WHAT THE EXERCISE ASKS
Give the listing back in full, exactly as written, with the pictures removed.

───── DATA FOR PROCESSING ─────

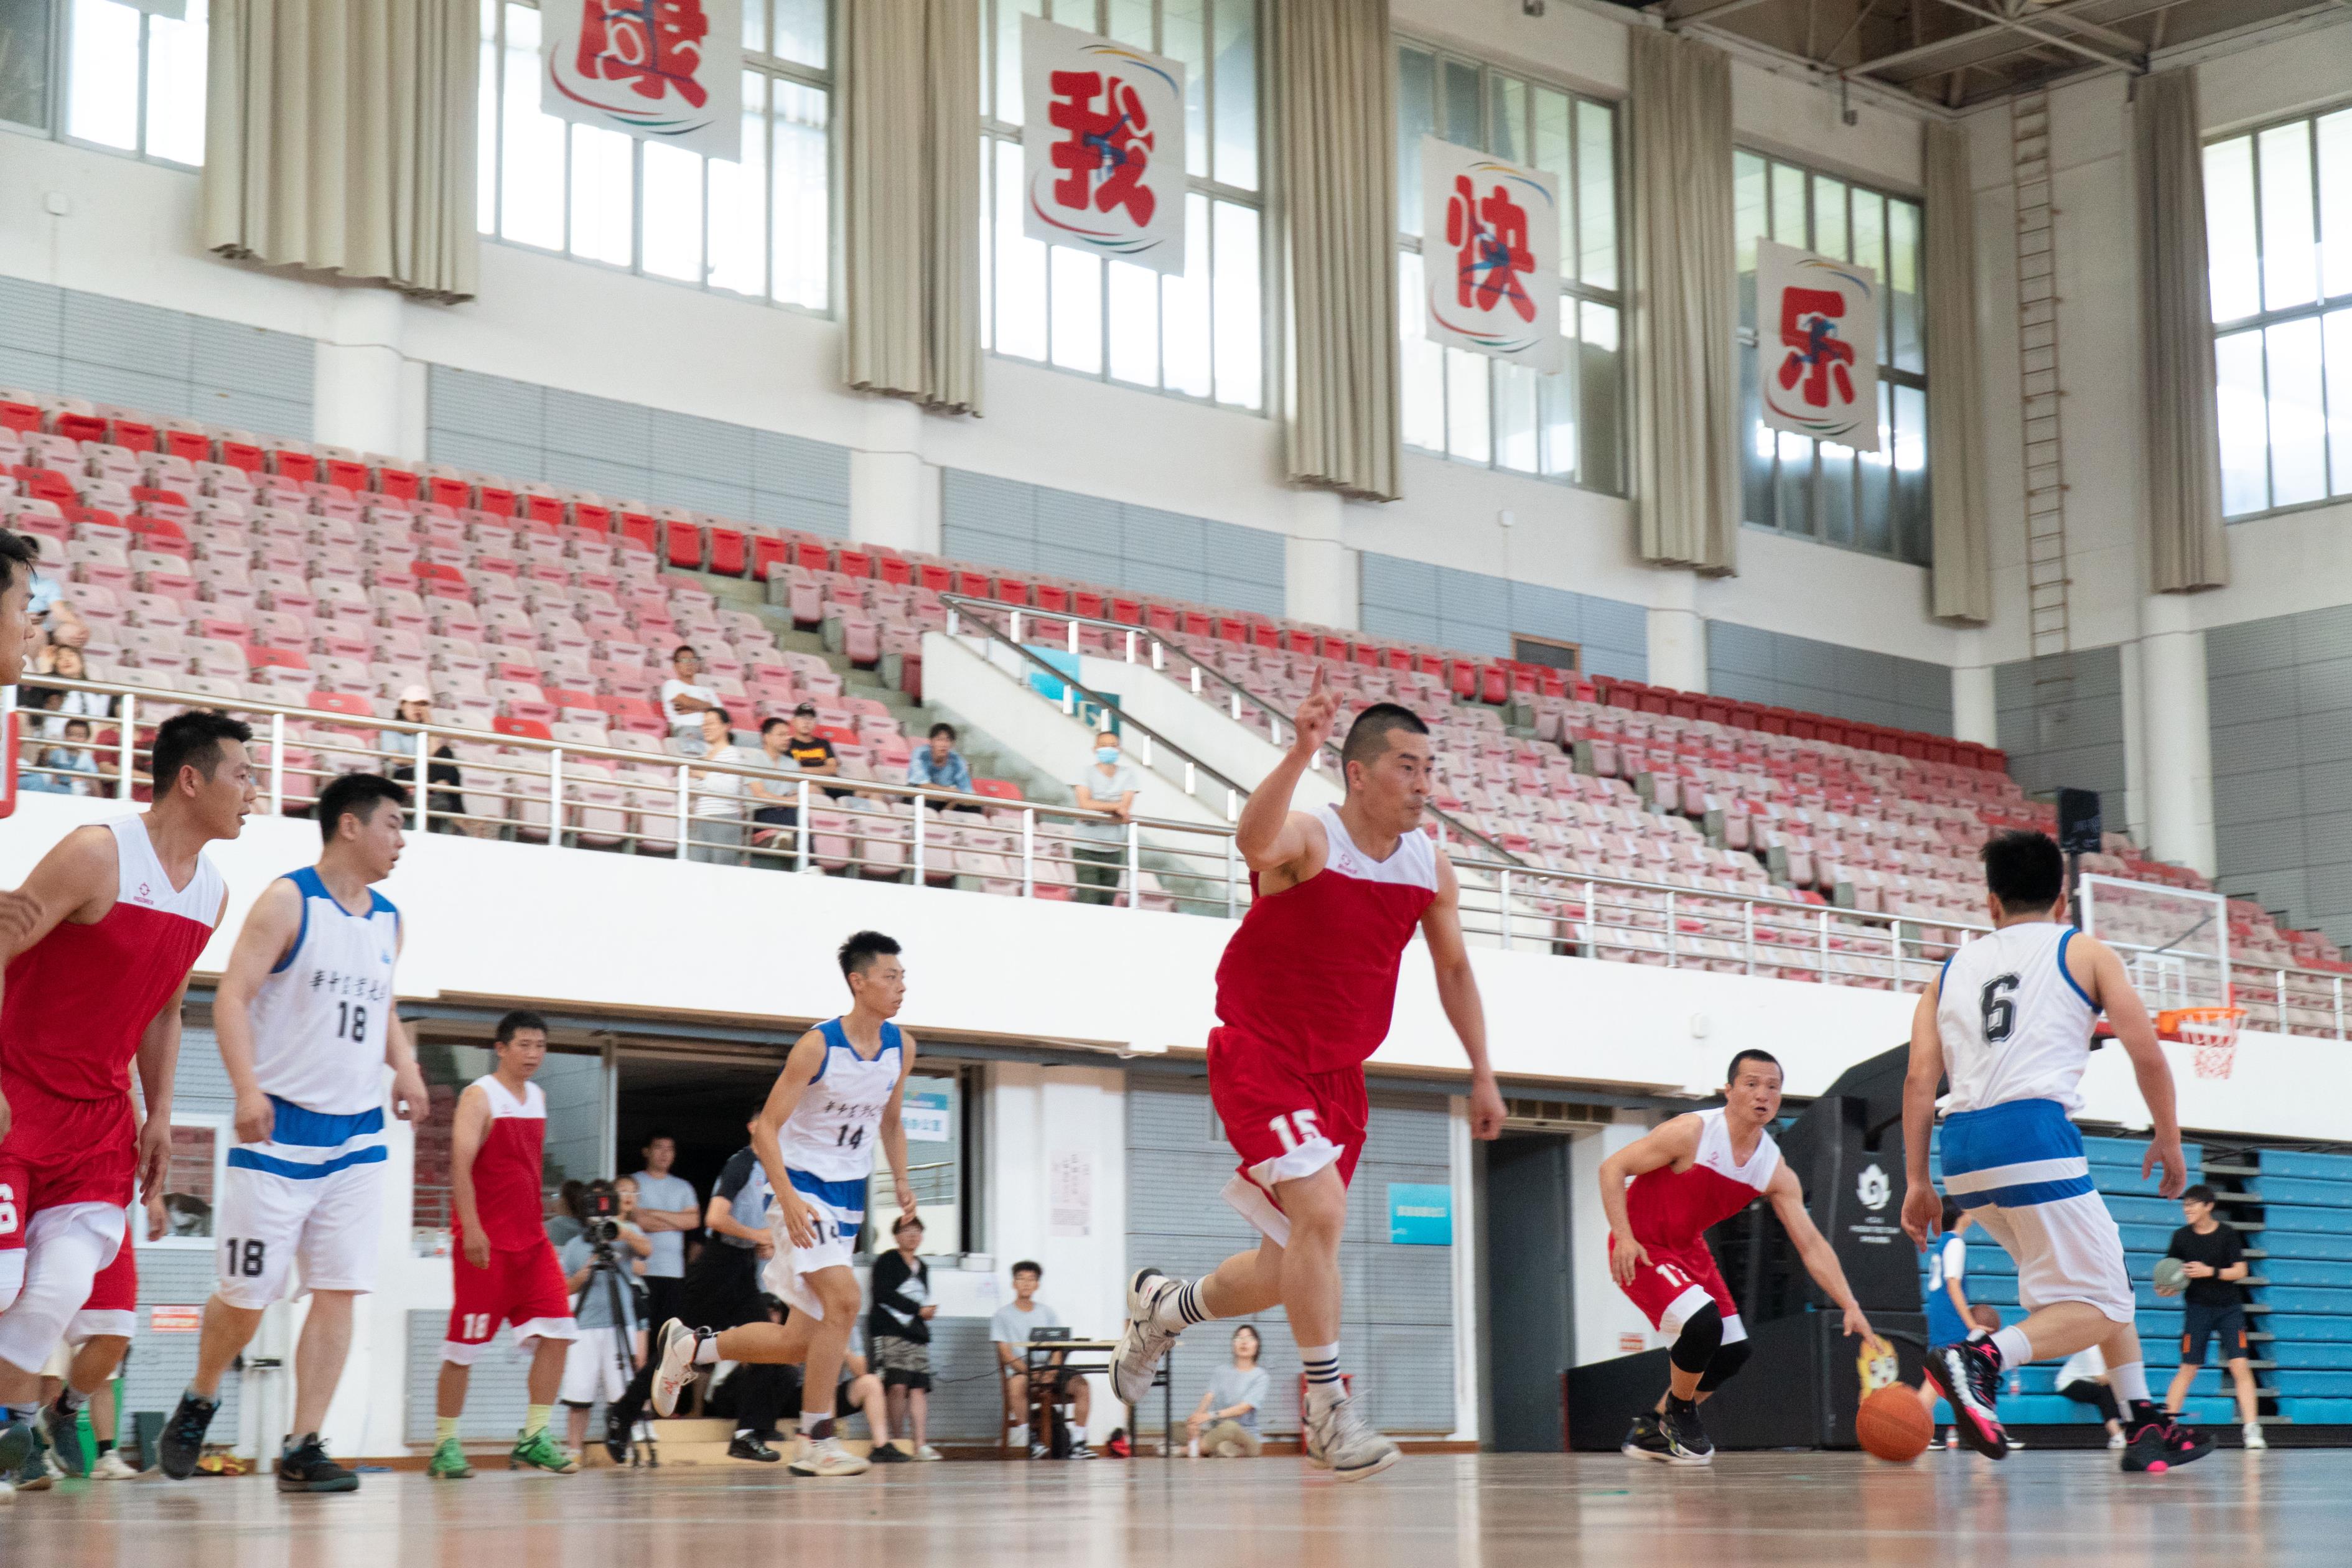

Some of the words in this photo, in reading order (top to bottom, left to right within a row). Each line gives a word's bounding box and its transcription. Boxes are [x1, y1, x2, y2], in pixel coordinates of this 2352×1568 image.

[1049, 70, 1155, 227] 我
[1446, 174, 1536, 322] 快
[1779, 287, 1855, 406] 乐
[337, 1000, 366, 1043] 18
[1981, 972, 2020, 1043] 6
[838, 1124, 864, 1149] 14
[1269, 1109, 1322, 1152] 15
[0, 1183, 18, 1234] 6
[226, 1238, 264, 1277] 18
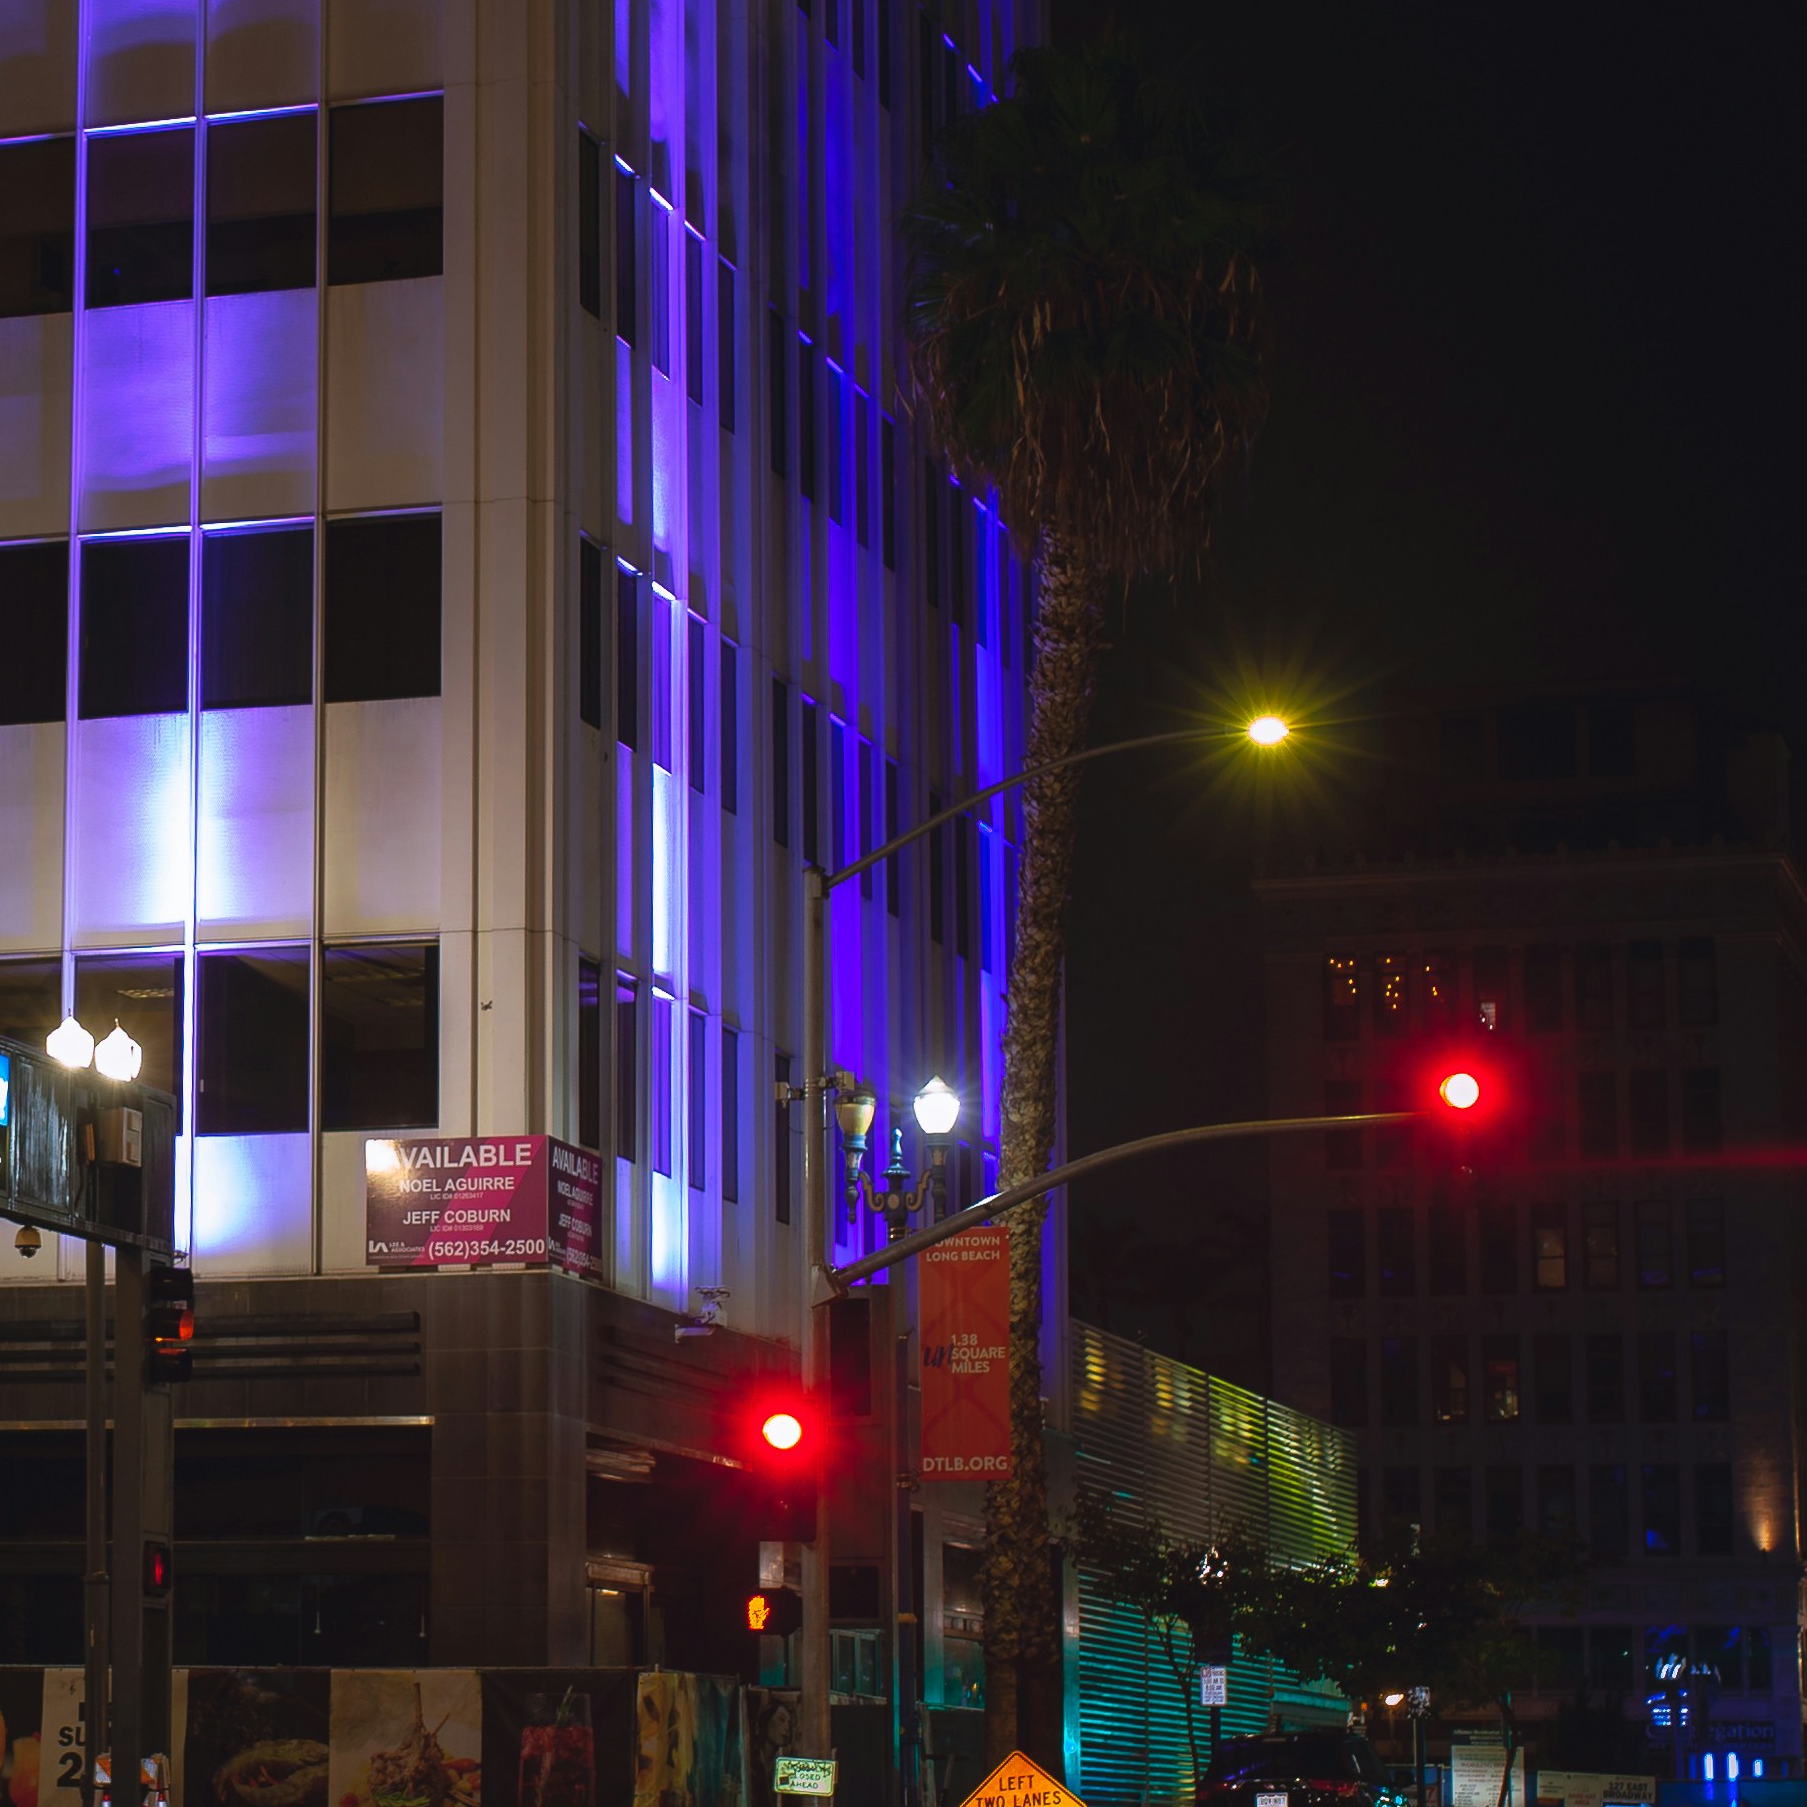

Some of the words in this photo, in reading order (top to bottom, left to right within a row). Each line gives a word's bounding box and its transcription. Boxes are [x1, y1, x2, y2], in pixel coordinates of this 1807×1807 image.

[398, 1143, 532, 1169] VAILABLE
[552, 1145, 598, 1185] AVAILABLE
[399, 1179, 442, 1193] NOEL
[444, 1177, 515, 1192] AGUIRRE
[402, 1211, 440, 1224] JEFF
[444, 1209, 511, 1223] COBURN
[428, 1239, 545, 1261] (562)354-2500
[926, 1251, 958, 1262] LONG
[961, 1250, 1000, 1261] BEACH
[951, 1334, 978, 1346] 1.38
[951, 1346, 1006, 1363] SQUARE
[951, 1361, 990, 1374] MILES
[922, 1456, 1008, 1472] DTLB.ORG
[999, 1774, 1035, 1792] LEFT
[1627, 1782, 1648, 1792] EAST
[1602, 1790, 1653, 1800] BROADWAY

─────

TASK RESPONSE
Some of the words in this photo, in reading order (top to bottom, left to right within a row). Each line gives a word's bounding box and its transcription. Boxes are [x1, y1, x2, y2], in pixel coordinates of this 2352×1568 image.

[1049, 70, 1155, 227] 我
[1446, 174, 1536, 322] 快
[1779, 287, 1855, 406] 乐
[337, 1000, 366, 1043] 18
[1981, 972, 2020, 1043] 6
[838, 1124, 864, 1149] 14
[1269, 1109, 1322, 1152] 15
[0, 1183, 18, 1234] 6
[226, 1238, 264, 1277] 18

Some of the words in this photo, in reading order (top to bottom, left to right within a row). Each line gives a word's bounding box and its transcription. Boxes are [x1, y1, x2, y2], in pixel coordinates of this 1807×1807 image.

[398, 1143, 532, 1169] VAILABLE
[552, 1145, 598, 1185] AVAILABLE
[399, 1179, 442, 1193] NOEL
[444, 1177, 515, 1192] AGUIRRE
[402, 1211, 440, 1224] JEFF
[444, 1209, 511, 1223] COBURN
[428, 1239, 545, 1261] (562)354-2500
[926, 1251, 958, 1262] LONG
[961, 1250, 1000, 1261] BEACH
[951, 1334, 978, 1346] 1.38
[951, 1346, 1006, 1363] SQUARE
[951, 1361, 990, 1374] MILES
[922, 1456, 1008, 1472] DTLB.ORG
[999, 1774, 1035, 1792] LEFT
[1627, 1782, 1648, 1792] EAST
[1602, 1790, 1653, 1800] BROADWAY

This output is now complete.